=== About this exercise ===
Everything in the listing except the pictures should be written out exactly.

=== Dataset records ===
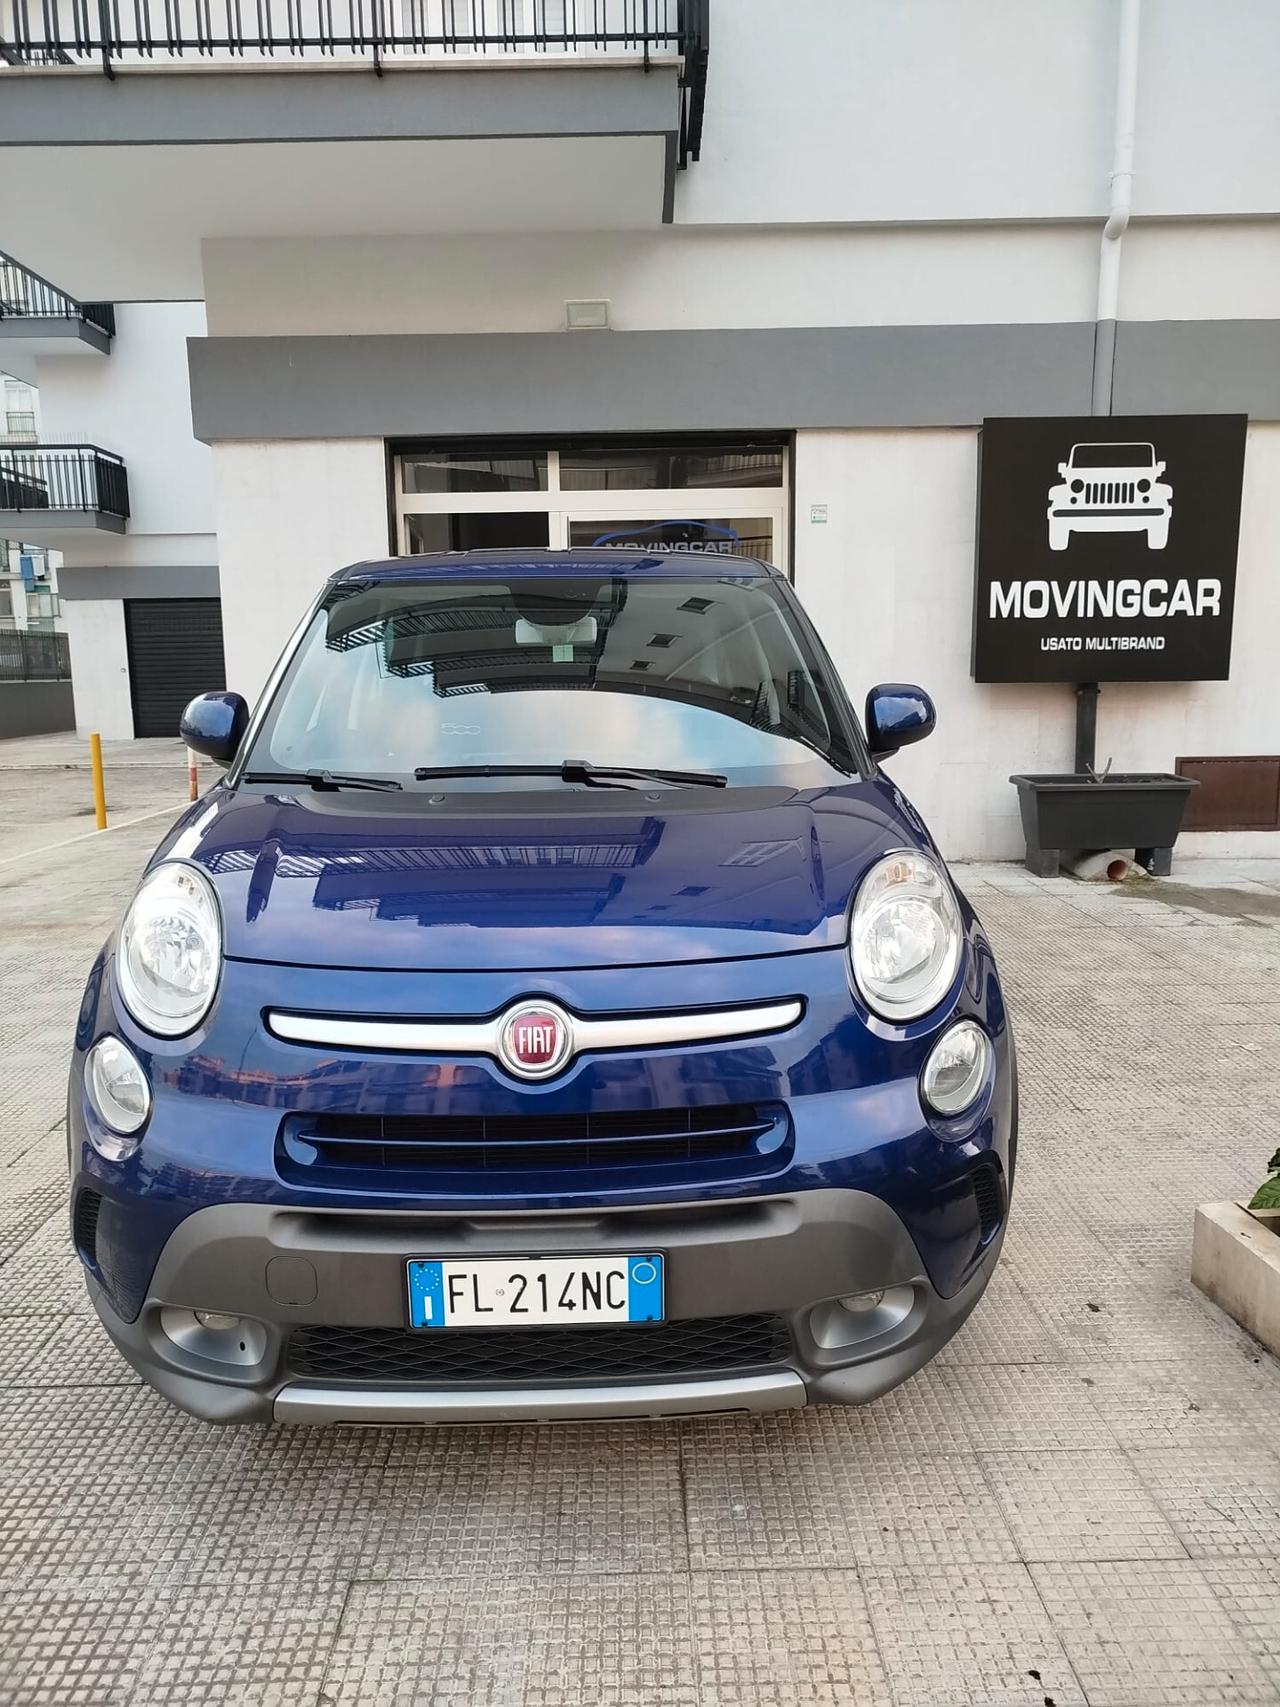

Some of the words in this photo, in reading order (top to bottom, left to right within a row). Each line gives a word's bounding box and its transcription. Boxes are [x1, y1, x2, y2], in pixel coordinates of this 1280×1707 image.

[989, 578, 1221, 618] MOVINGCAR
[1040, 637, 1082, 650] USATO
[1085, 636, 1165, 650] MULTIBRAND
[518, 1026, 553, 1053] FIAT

=== Solution to the exercise ===
Some of the words in this photo, in reading order (top to bottom, left to right within a row). Each line gives a word's bounding box and its transcription. Boxes are [x1, y1, x2, y2], in pixel coordinates of this 1280×1707 image.

[989, 578, 1221, 618] MOVINGCAR
[1040, 637, 1082, 650] USATO
[1085, 636, 1165, 650] MULTIBRAND
[518, 1026, 553, 1053] FIAT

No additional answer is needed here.